Hello again, good to be back! Hopefully with summer drawing to a soggy end, the call of the bench will become stronger!
I am still waiting for the brass tread-plate, and the CMK sets. With our ever efficient customs and postal service, up to their old and new tricks... I went to the books and web, in order to find anything on the later interior layout of the 44' Tigers... And there is not much, 'Jentz and Doyle's DW to Tiger 1 has the best clues to the stowage racks, that populated the 'shelf' above the turret ring, as well as the turrets mechanisms for the turrets traverse and gun elevation. A real lot of items that were stowed upon the turrets interior wall have been removed by this point, (unless the Saumur Tiger, has been gutted , whilst sat in Northern France?) there appears to be very little conduit and mountings at all compared to say, the earlier produced Bovington and APG Tigers. To me it looks as though these 'bins' that populate the lower turret interior took most of the previously wall stored items!

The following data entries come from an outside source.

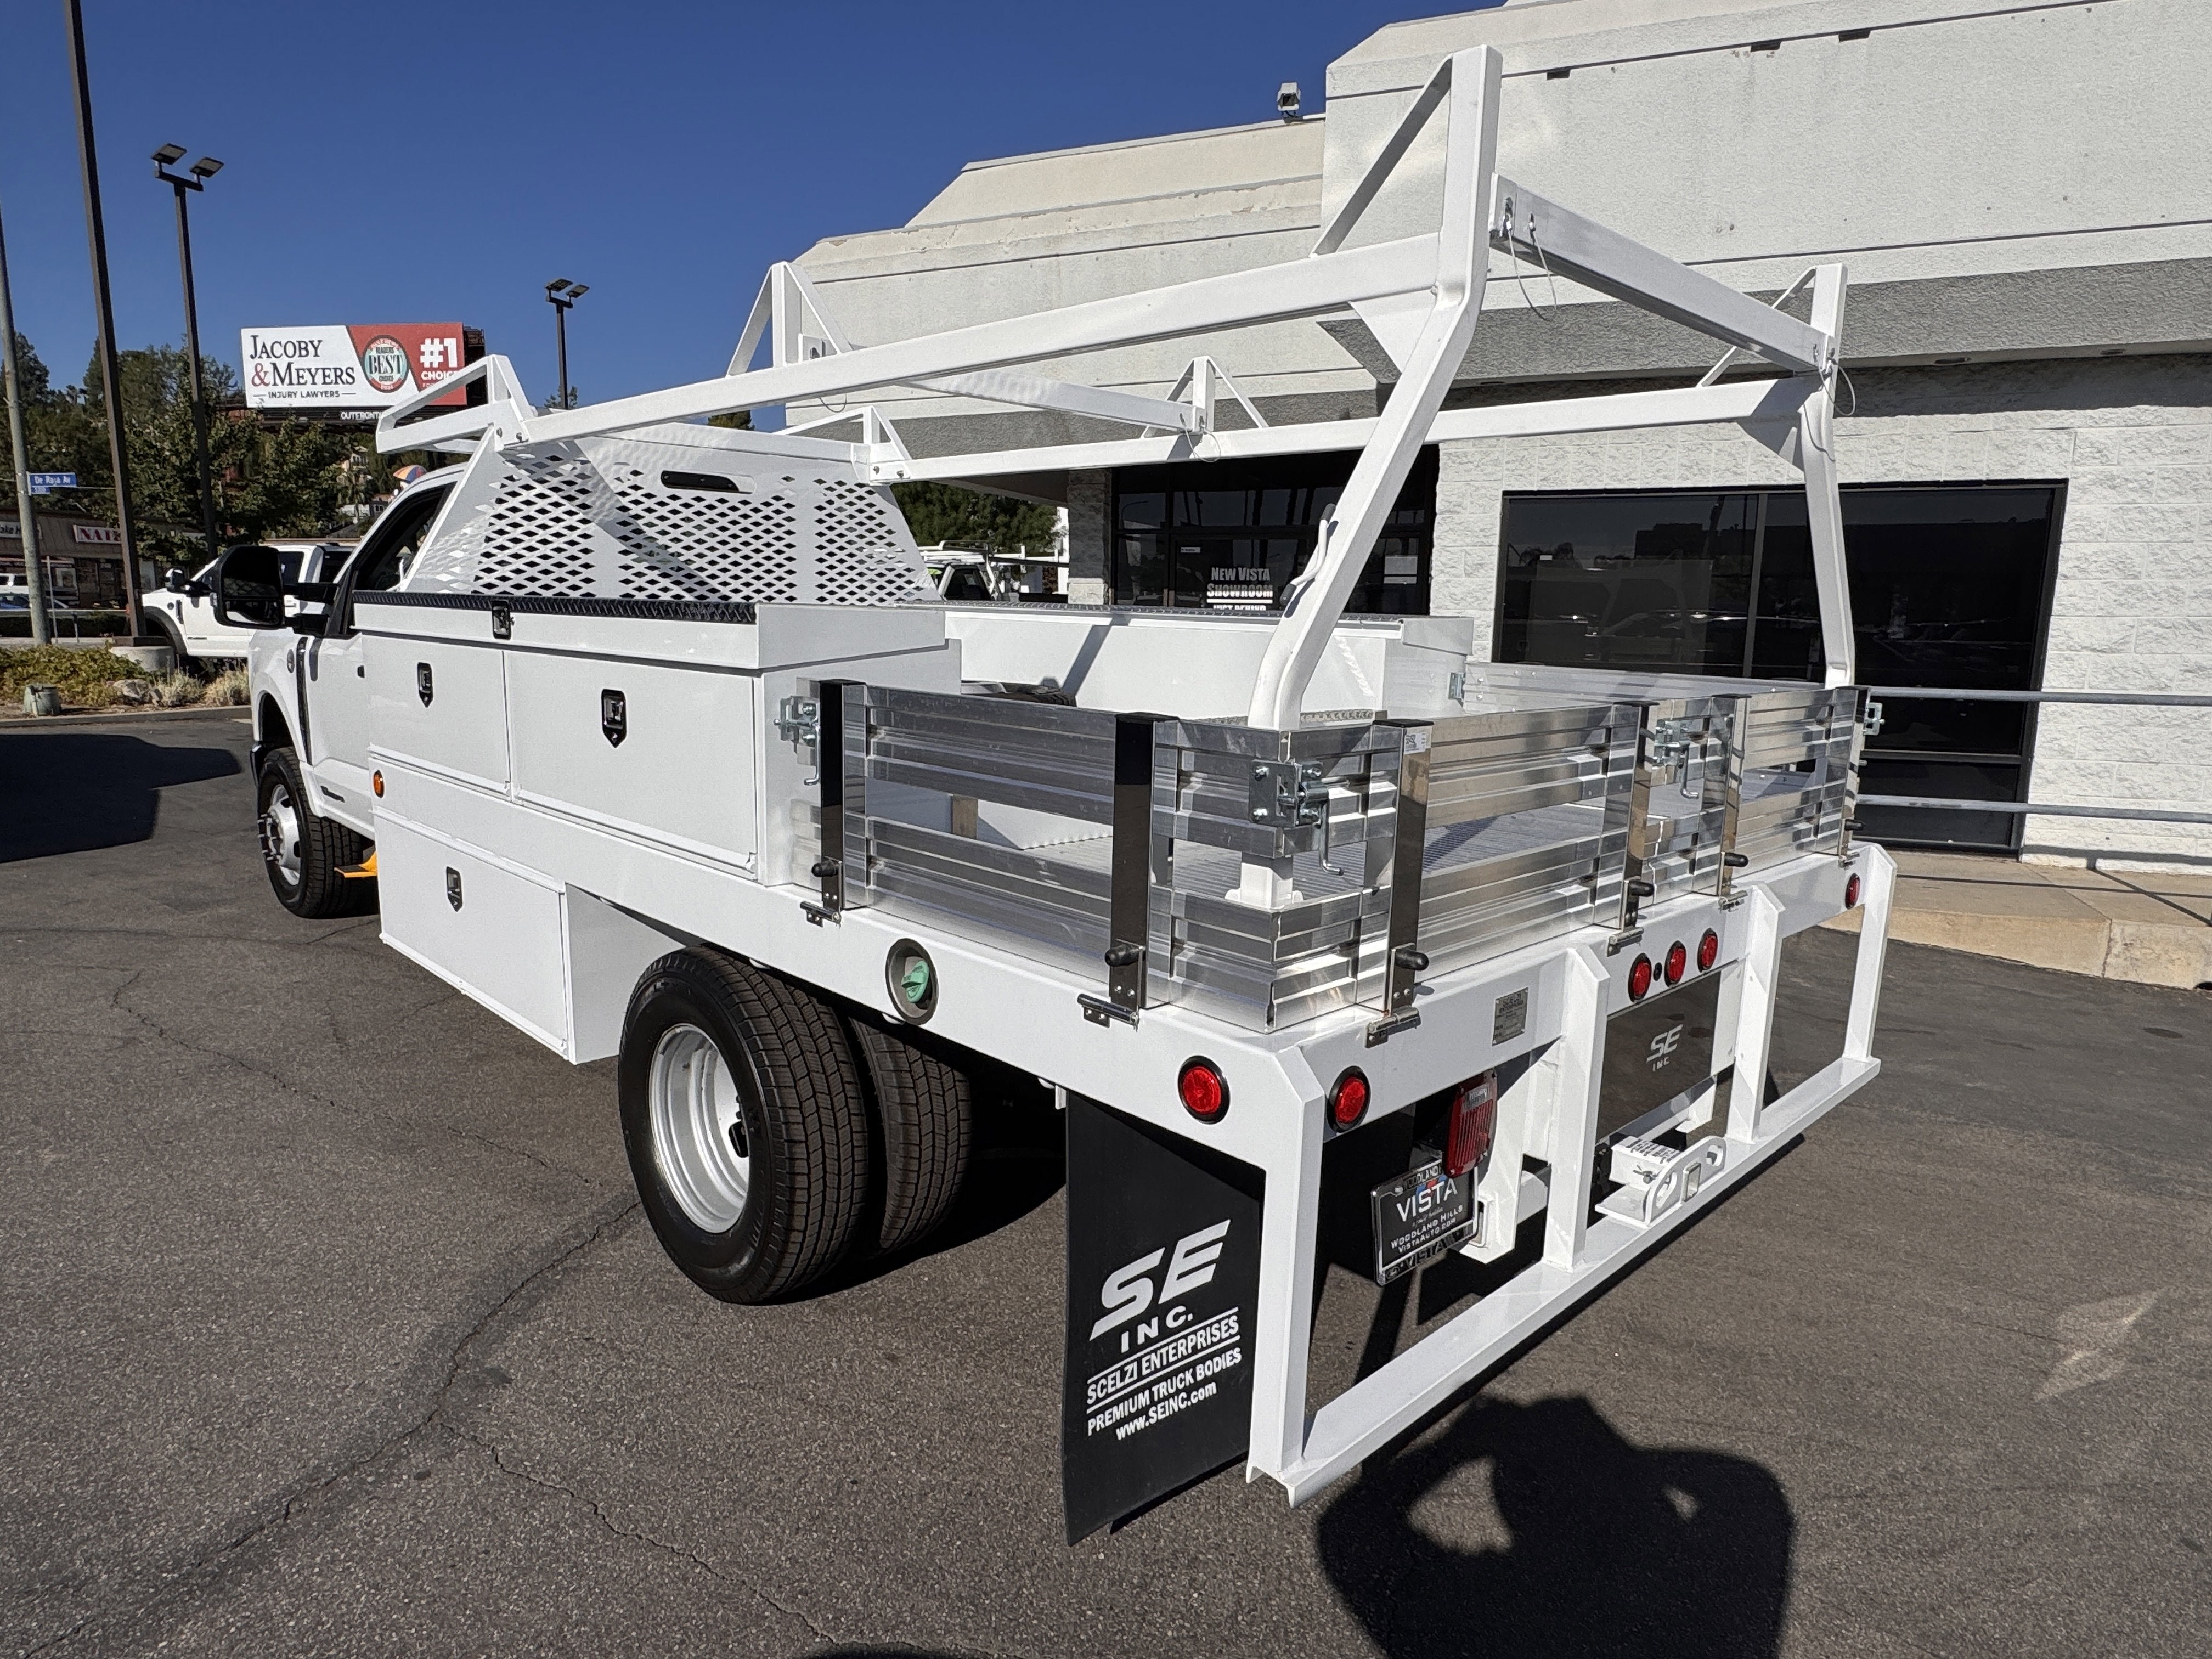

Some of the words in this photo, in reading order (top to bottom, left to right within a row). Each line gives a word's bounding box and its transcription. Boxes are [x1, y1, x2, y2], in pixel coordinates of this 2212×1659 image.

[250, 335, 323, 359] JACOBY
[368, 354, 403, 374] BEST
[420, 338, 458, 368] #1
[421, 370, 458, 380] CHOIC
[1207, 583, 1273, 597] SHOWROOM
[1211, 567, 1236, 580] NEW
[1238, 567, 1271, 580] VISTA
[1396, 1179, 1458, 1222] VISTA
[1391, 1219, 1438, 1249] WOODLAND
[1441, 1204, 1463, 1222] HILLS
[1090, 1219, 1231, 1341] SE
[1121, 1306, 1193, 1353] INC.
[1086, 1361, 1138, 1404] SCELZI
[1141, 1315, 1239, 1376] ENTERPRISES
[1087, 1389, 1150, 1436] PREMIUM
[1152, 1368, 1195, 1402] TRUCK
[1196, 1347, 1242, 1381] BODIES
[1116, 1381, 1217, 1441] www.SEINC.com
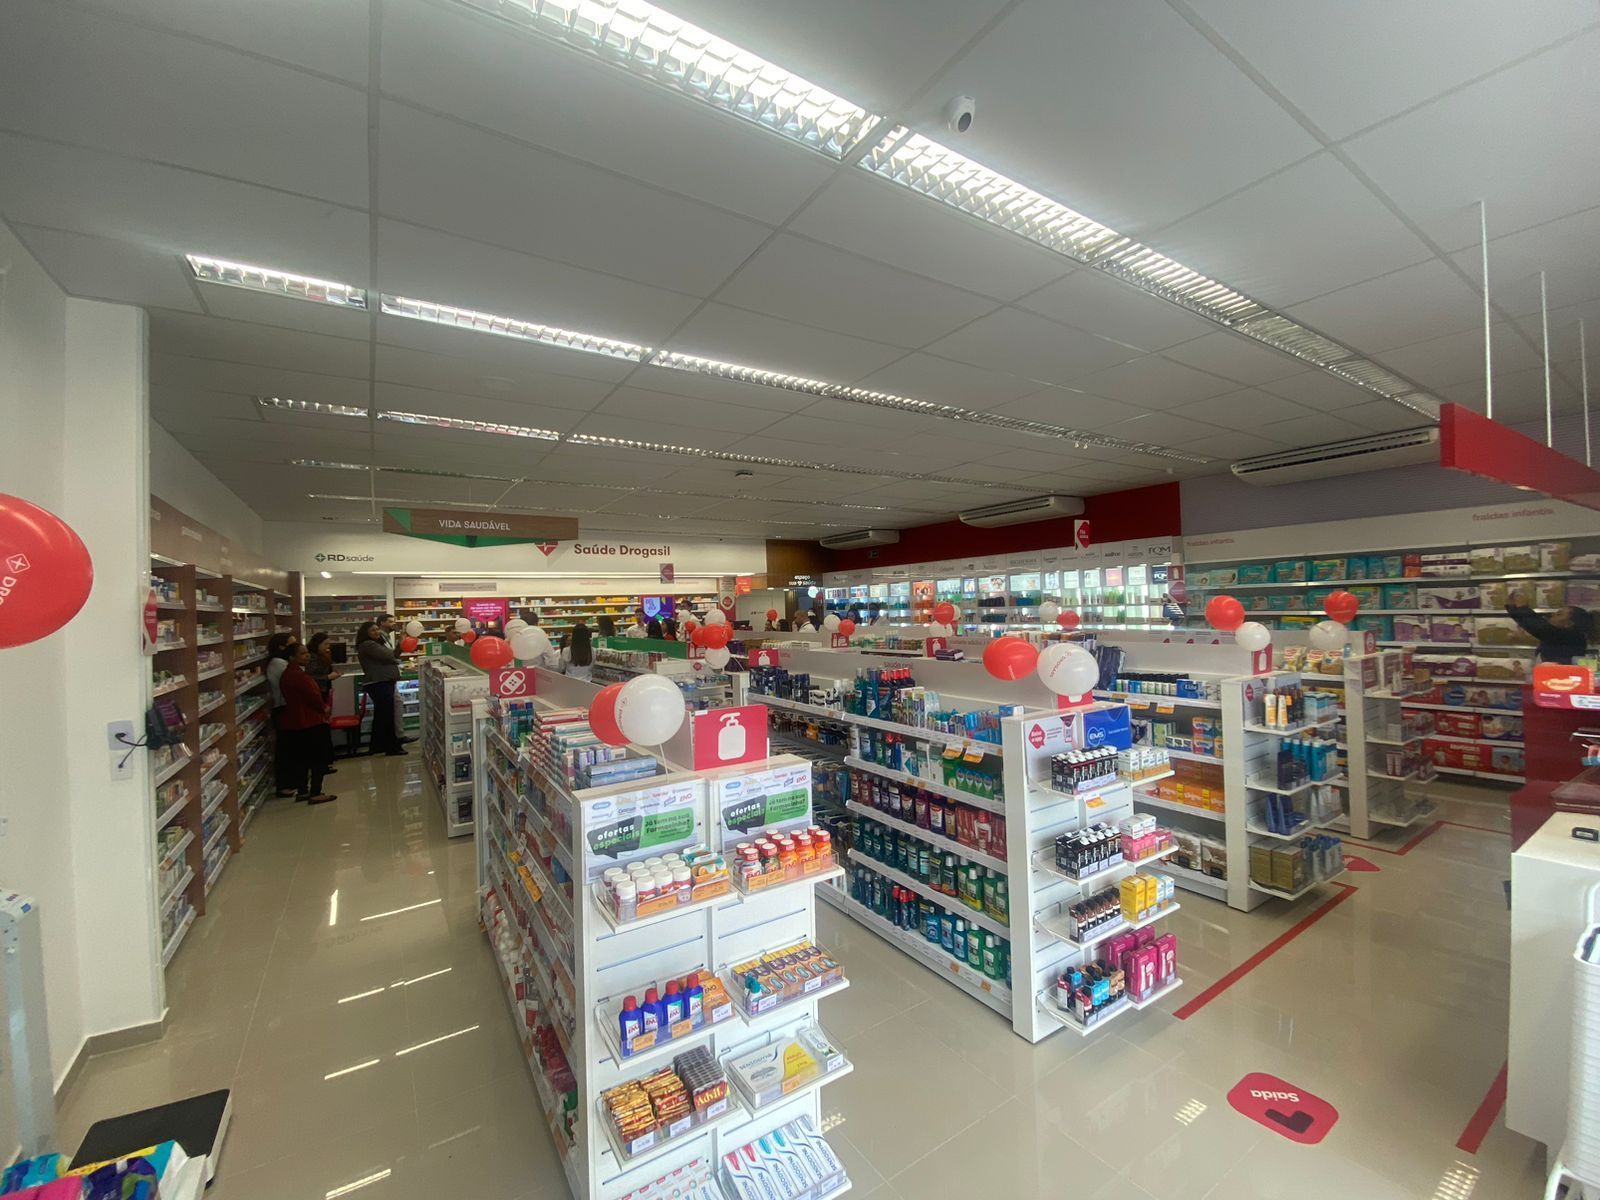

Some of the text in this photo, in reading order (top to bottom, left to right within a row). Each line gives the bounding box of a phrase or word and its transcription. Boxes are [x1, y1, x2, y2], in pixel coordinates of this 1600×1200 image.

So it was off to the cutting mat, with some stock styrene sheet, rod and strip, for an attempt to try and replicate these later additions to the 'minimalist' Later Tiger Interior!
Now on the back 'shelf' in DW to Tiger 1, of the Saumur Tiger, there are a couple of images that show smaller compartments, for what looks like 'episcope' components etc, but I am not sure if two or three differing patterns are fitted between the main guns counterbalance cylinder and the escape hatch? As you can see the Verlinden kit is anything but comprehensive! So a lot of very visible smaller detail has been added, whilst trying to keep it 'through the hatch' yet detailed enough to show a 'light destruction,!
A fair part of the interior details can be seen through the open hatches, as with all the 'ports' open, the interior is well lit. In keeping with the fire that '211' was part gutted with, I have tried to show the spent shell case basket, as partly burnt. For this I rolled out some 'Green Stuff two part Epoxy' to a very thin depth, and impressed a piece of cloth into both surfaces, leaving the putty to cure for an hour, it was then 'torn' from the rolled out piece and formed onto a brass tube frame armature, to give a kind of 'toasted' remnants look to the remaining shreds of cloth!
Okay some more scratching of the interior stowage, to compliment the sparse Verlinden parts, then back onto a little more detailing of the main gun and it's ancillaries, then we should be reaching for some paint in earnest in the near future eh?
Thanks again for the continuing interest folks and friends... Cheers Phil.